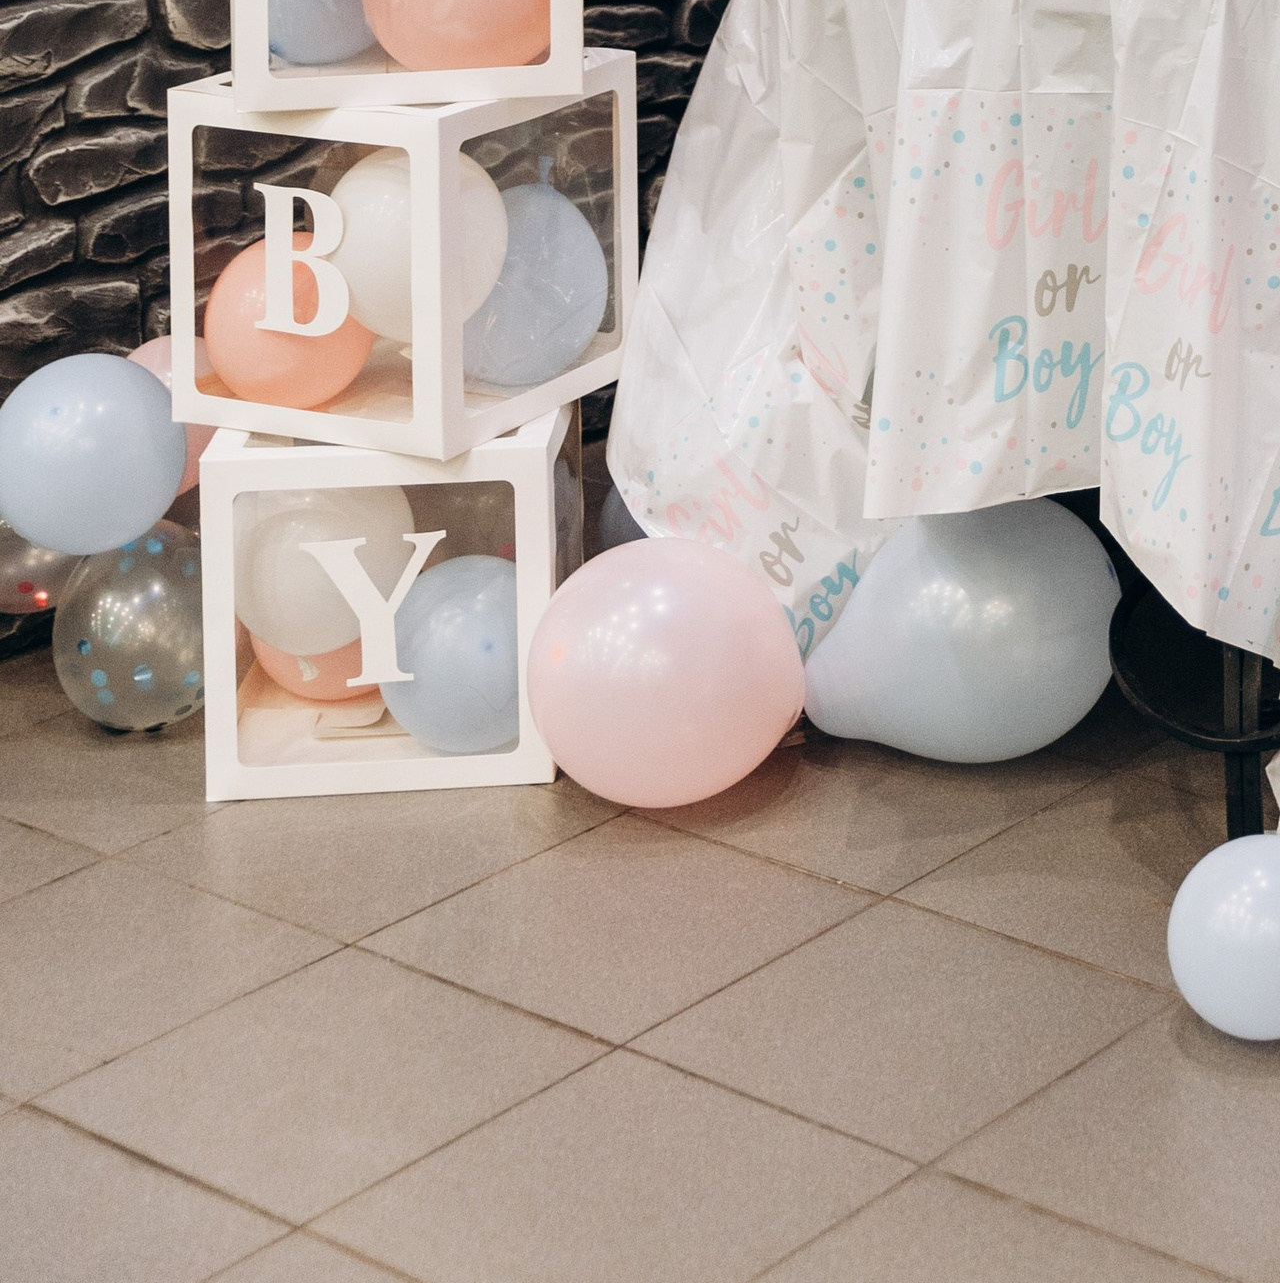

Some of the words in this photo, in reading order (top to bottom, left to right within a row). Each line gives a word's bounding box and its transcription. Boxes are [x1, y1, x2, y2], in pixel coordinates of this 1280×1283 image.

[985, 158, 1108, 250] Girl
[1034, 262, 1101, 317] or
[988, 314, 1106, 430] Boy
[1164, 336, 1212, 392] or
[1105, 361, 1192, 511] Boy
[759, 516, 806, 587] or

Task objective:
What this calls for is the material above set down exactly, pictures excluded.

Task response:
Some of the words in this photo, in reading order (top to bottom, left to right within a row). Each line gives a word's bounding box and its transcription. Boxes are [x1, y1, x2, y2], in pixel coordinates of this 1280×1283 image.

[985, 158, 1108, 250] Girl
[1034, 262, 1101, 317] or
[988, 314, 1106, 430] Boy
[1164, 336, 1212, 392] or
[1105, 361, 1192, 511] Boy
[759, 516, 806, 587] or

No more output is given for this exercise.